** What is required **
Verbatim copy without pictures. Please print every entry as it stands.

** Data **
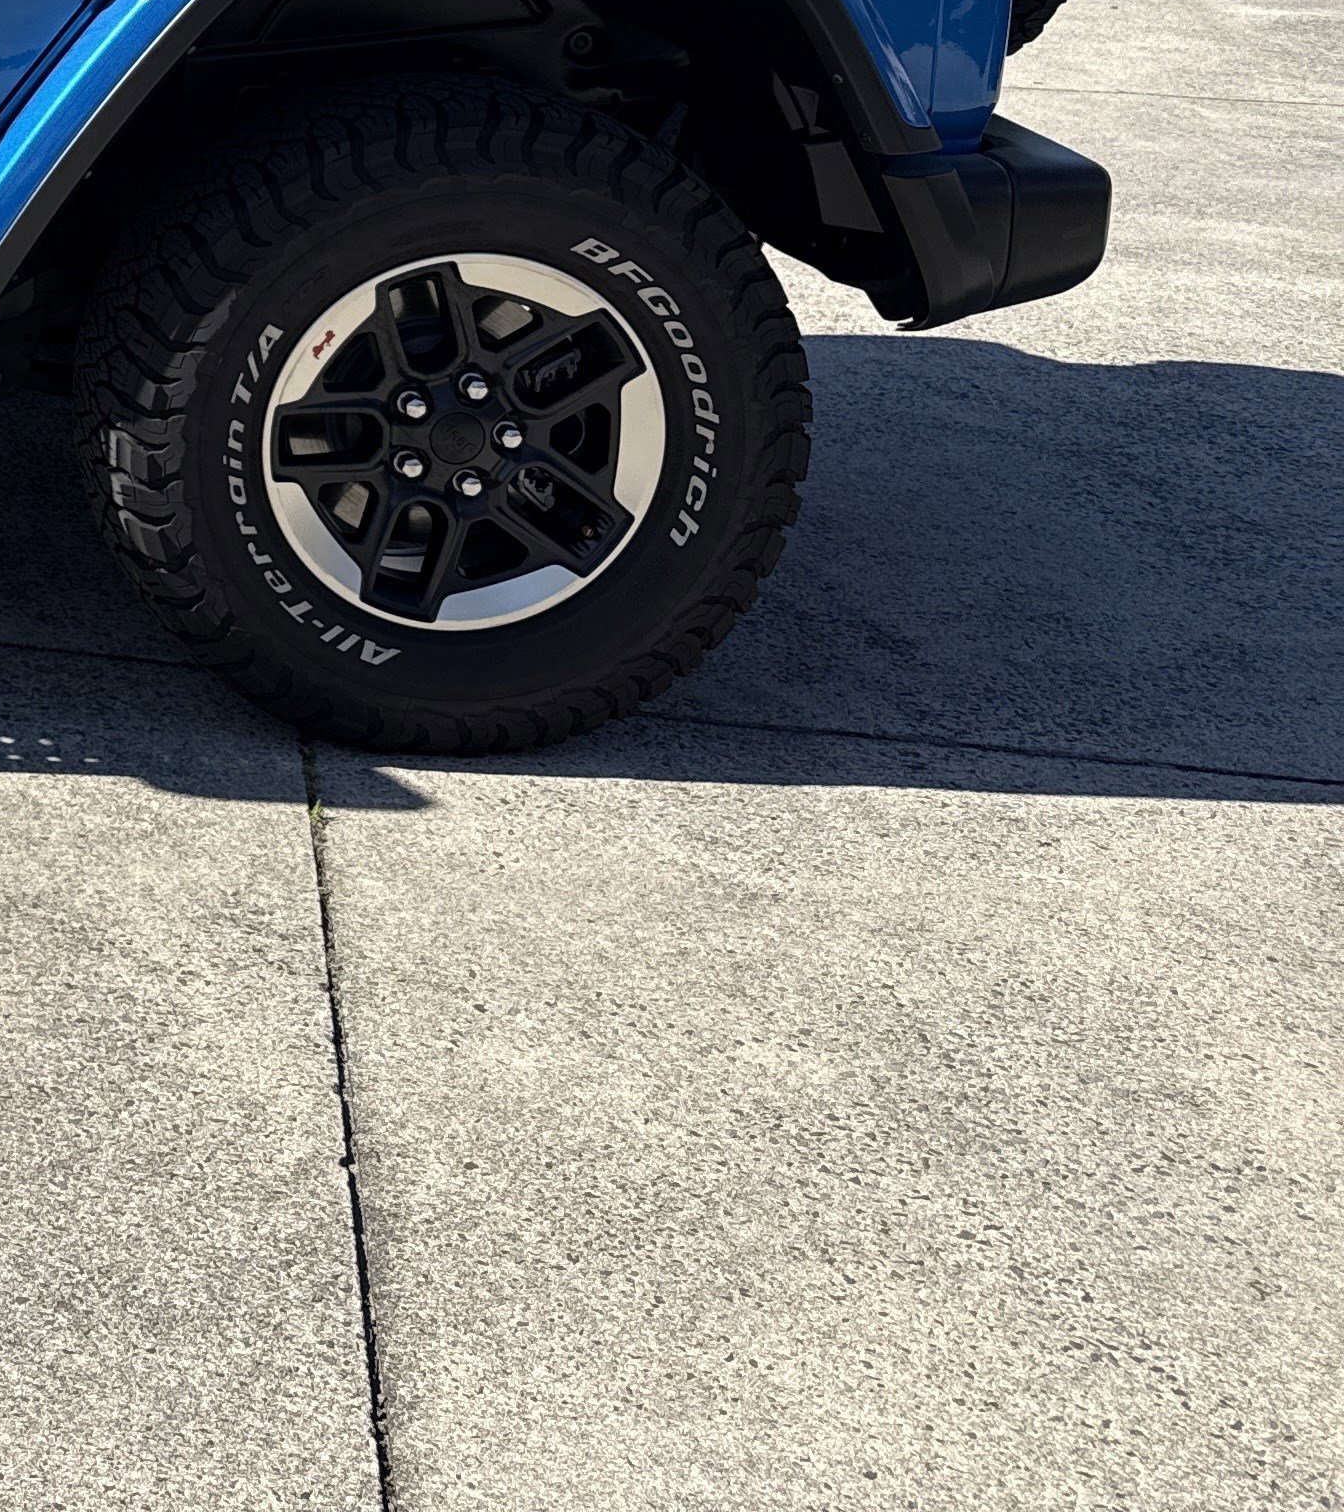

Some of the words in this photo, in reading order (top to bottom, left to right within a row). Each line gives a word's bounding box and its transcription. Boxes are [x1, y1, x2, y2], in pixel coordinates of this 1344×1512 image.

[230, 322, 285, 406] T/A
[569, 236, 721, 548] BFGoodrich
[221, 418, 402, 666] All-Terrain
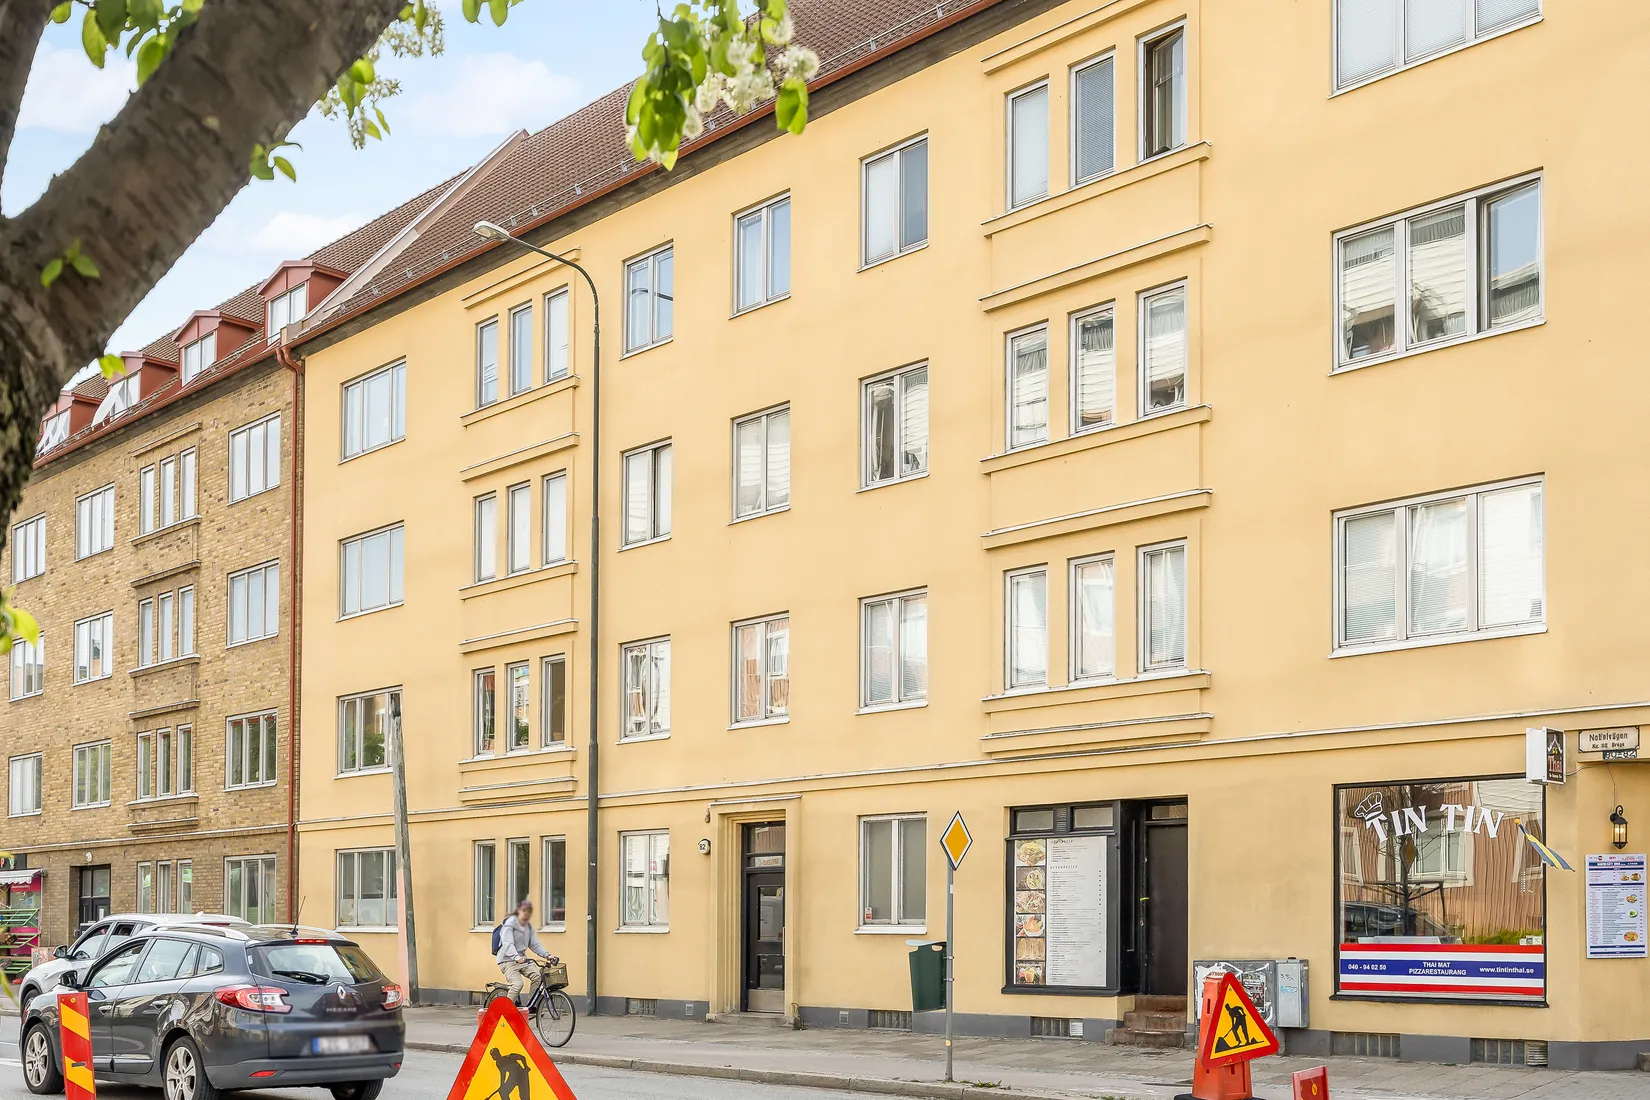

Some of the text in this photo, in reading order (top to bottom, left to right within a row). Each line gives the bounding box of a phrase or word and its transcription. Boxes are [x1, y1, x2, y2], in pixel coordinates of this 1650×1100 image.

** Worked solution **
Some of the words in this photo, in reading order (top to bottom, left to right within a row). Each line gives a word's bounding box and its transcription. Boxes are [x1, y1, x2, y2], in pixel coordinates of this 1344×1512 image.

[230, 322, 285, 406] T/A
[569, 236, 721, 548] BFGoodrich
[221, 418, 402, 666] All-Terrain

Some of the text in this photo, in reading order (top to bottom, left to right within a row). Each line gives the bounding box of a phrase or word and its transcription. Boxes are [x1, y1, x2, y2], in pixel coordinates of this 1650×1100 image.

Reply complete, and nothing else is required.